- **Problem to solve**
Ignoring every picture, transcribe the data in full as it stands.

• • • •

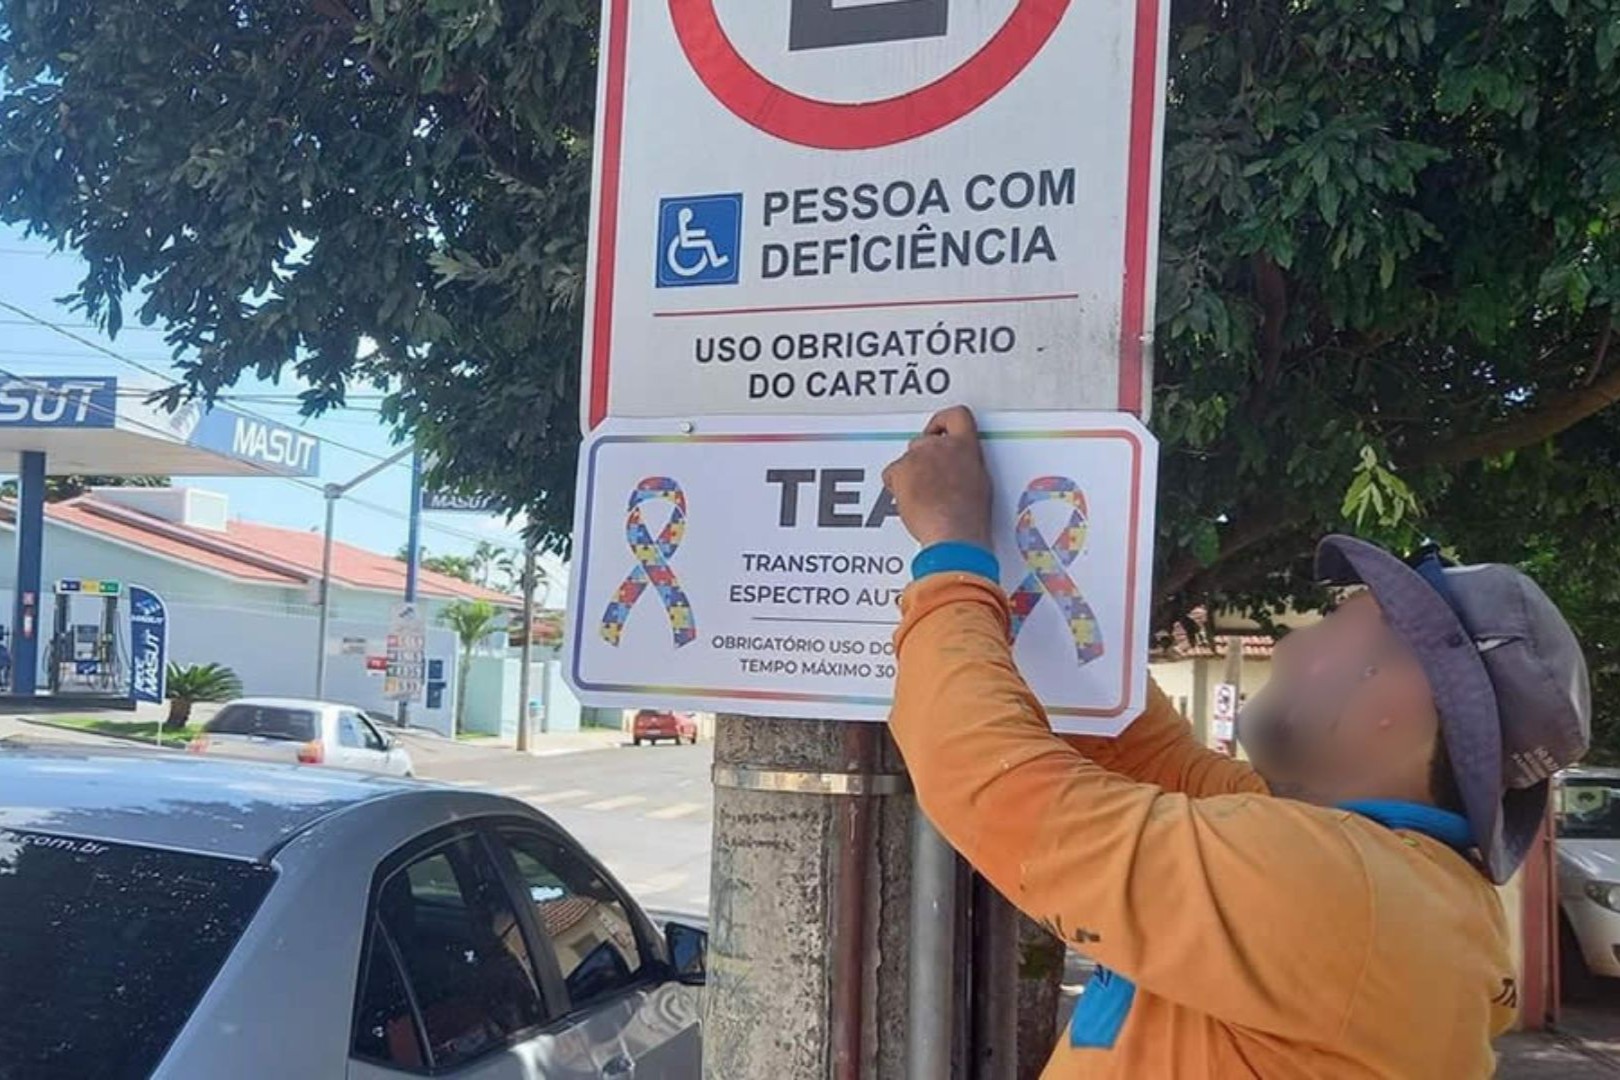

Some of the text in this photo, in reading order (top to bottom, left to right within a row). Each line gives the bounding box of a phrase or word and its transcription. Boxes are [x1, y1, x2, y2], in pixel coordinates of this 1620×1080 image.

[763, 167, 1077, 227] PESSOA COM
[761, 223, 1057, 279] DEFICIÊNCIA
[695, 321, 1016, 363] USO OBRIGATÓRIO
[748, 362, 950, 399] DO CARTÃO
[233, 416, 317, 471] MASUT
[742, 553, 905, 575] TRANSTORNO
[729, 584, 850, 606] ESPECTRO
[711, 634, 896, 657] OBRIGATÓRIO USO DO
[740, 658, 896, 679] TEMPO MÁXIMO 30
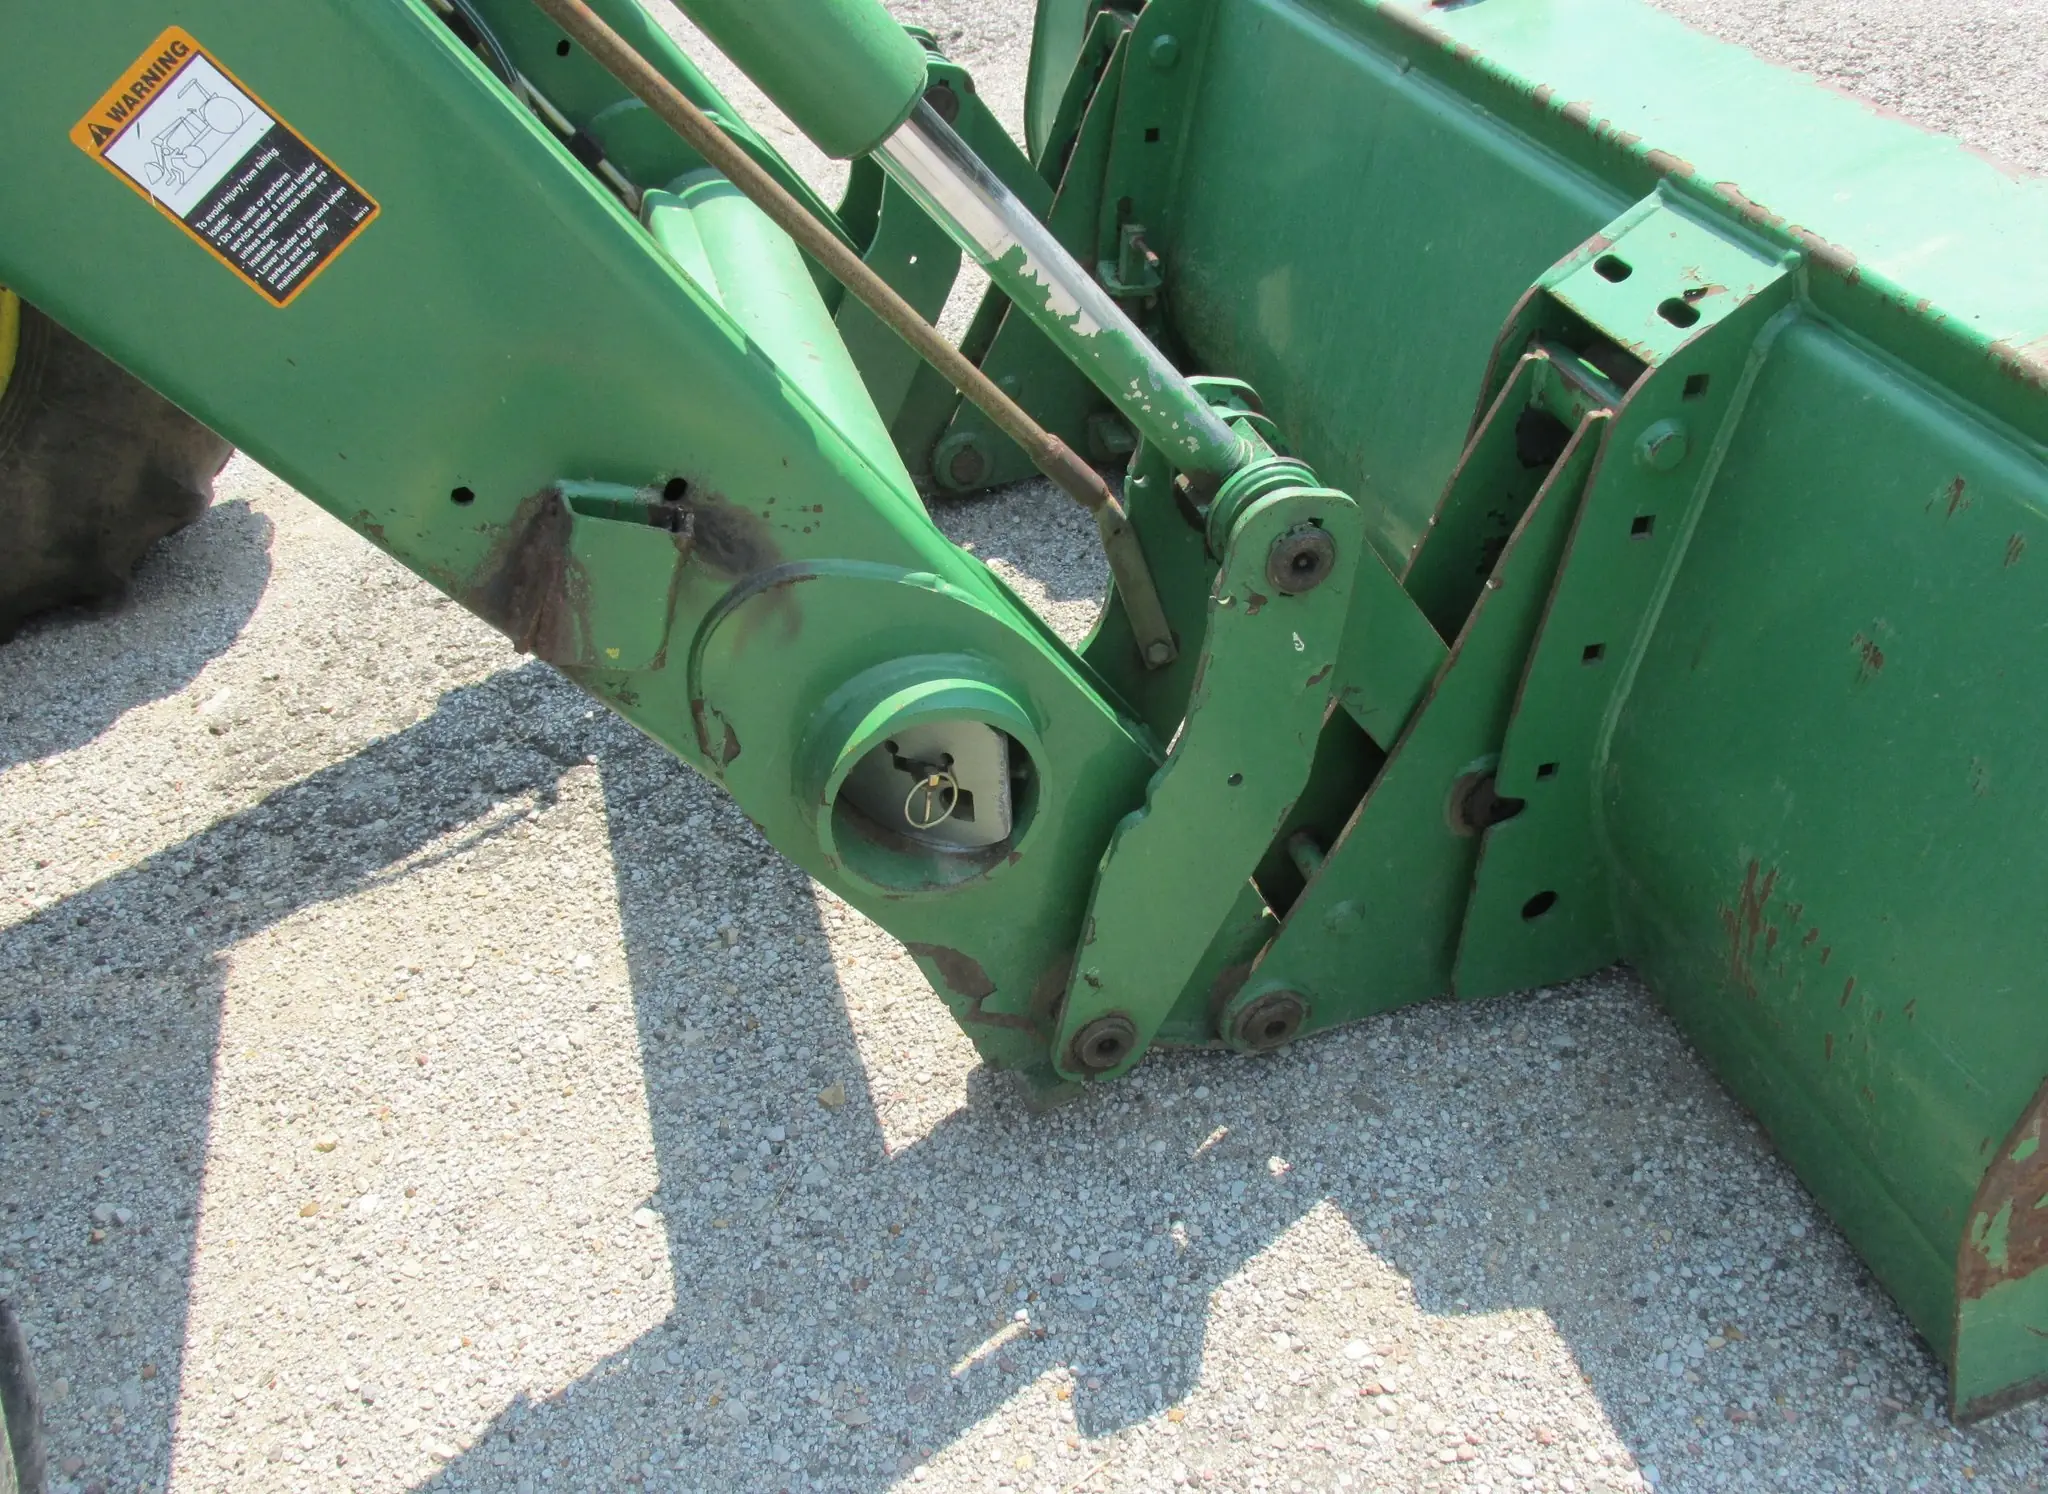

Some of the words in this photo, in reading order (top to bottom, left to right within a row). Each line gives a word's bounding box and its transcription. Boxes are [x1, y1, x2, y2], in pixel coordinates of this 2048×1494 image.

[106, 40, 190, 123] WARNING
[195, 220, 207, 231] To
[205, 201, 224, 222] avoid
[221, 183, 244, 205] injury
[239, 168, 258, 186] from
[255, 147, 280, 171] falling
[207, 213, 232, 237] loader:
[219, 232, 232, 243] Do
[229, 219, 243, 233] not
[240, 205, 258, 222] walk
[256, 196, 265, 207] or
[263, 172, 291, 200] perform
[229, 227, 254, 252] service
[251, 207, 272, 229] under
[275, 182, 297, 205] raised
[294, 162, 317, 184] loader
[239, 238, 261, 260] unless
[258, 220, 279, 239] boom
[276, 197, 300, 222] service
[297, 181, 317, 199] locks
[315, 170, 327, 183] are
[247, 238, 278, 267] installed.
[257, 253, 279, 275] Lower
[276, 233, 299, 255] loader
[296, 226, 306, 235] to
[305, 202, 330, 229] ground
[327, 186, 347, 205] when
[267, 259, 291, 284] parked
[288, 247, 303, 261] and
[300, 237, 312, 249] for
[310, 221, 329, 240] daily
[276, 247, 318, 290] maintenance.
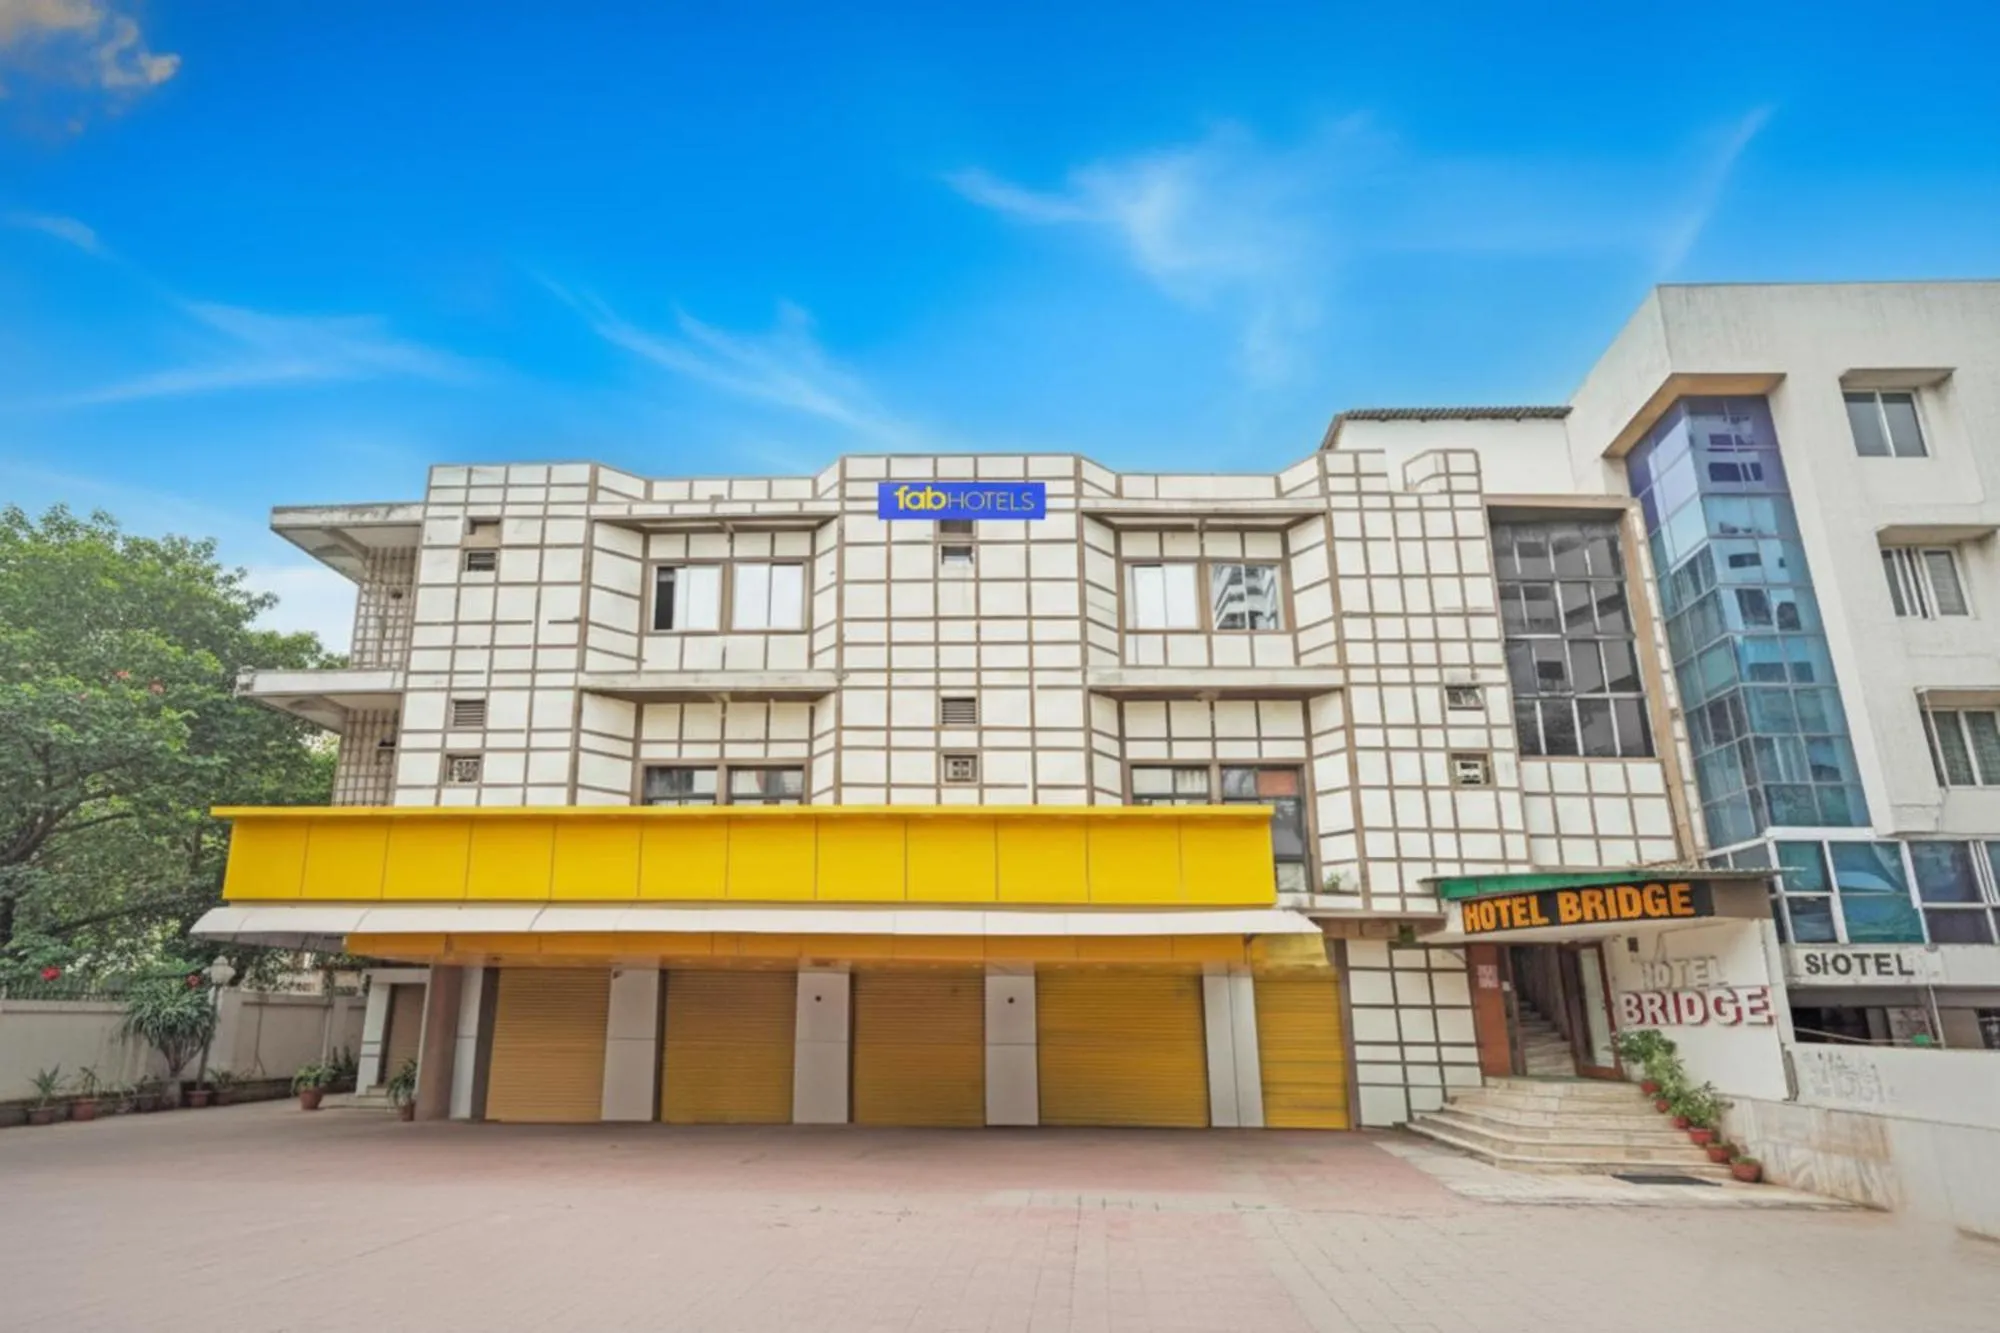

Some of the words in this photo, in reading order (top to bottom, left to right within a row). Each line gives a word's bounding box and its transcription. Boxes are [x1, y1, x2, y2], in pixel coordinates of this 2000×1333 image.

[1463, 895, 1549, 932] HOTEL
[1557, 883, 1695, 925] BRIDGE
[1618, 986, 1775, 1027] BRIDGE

• • • •

- **Answer to this task**
Some of the text in this photo, in reading order (top to bottom, left to right within a row). Each line gives the bounding box of a phrase or word and its transcription. Boxes are [x1, y1, x2, y2], in pixel coordinates of this 1620×1080 image.

[763, 167, 1077, 227] PESSOA COM
[761, 223, 1057, 279] DEFICIÊNCIA
[695, 321, 1016, 363] USO OBRIGATÓRIO
[748, 362, 950, 399] DO CARTÃO
[233, 416, 317, 471] MASUT
[742, 553, 905, 575] TRANSTORNO
[729, 584, 850, 606] ESPECTRO
[711, 634, 896, 657] OBRIGATÓRIO USO DO
[740, 658, 896, 679] TEMPO MÁXIMO 30

Some of the words in this photo, in reading order (top to bottom, left to right within a row). Each line gives a word's bounding box and its transcription. Boxes are [x1, y1, x2, y2], in pixel coordinates of this 2048×1494 image.

[106, 40, 190, 123] WARNING
[195, 220, 207, 231] To
[205, 201, 224, 222] avoid
[221, 183, 244, 205] injury
[239, 168, 258, 186] from
[255, 147, 280, 171] falling
[207, 213, 232, 237] loader:
[219, 232, 232, 243] Do
[229, 219, 243, 233] not
[240, 205, 258, 222] walk
[256, 196, 265, 207] or
[263, 172, 291, 200] perform
[229, 227, 254, 252] service
[251, 207, 272, 229] under
[275, 182, 297, 205] raised
[294, 162, 317, 184] loader
[239, 238, 261, 260] unless
[258, 220, 279, 239] boom
[276, 197, 300, 222] service
[297, 181, 317, 199] locks
[315, 170, 327, 183] are
[247, 238, 278, 267] installed.
[257, 253, 279, 275] Lower
[276, 233, 299, 255] loader
[296, 226, 306, 235] to
[305, 202, 330, 229] ground
[327, 186, 347, 205] when
[267, 259, 291, 284] parked
[288, 247, 303, 261] and
[300, 237, 312, 249] for
[310, 221, 329, 240] daily
[276, 247, 318, 290] maintenance.

Some of the words in this photo, in reading order (top to bottom, left to right within a row). Each line gives a word's bounding box and its transcription. Boxes are [x1, y1, x2, y2], in pixel coordinates of this 2000×1333 image.

[1463, 895, 1549, 932] HOTEL
[1557, 883, 1695, 925] BRIDGE
[1618, 986, 1775, 1027] BRIDGE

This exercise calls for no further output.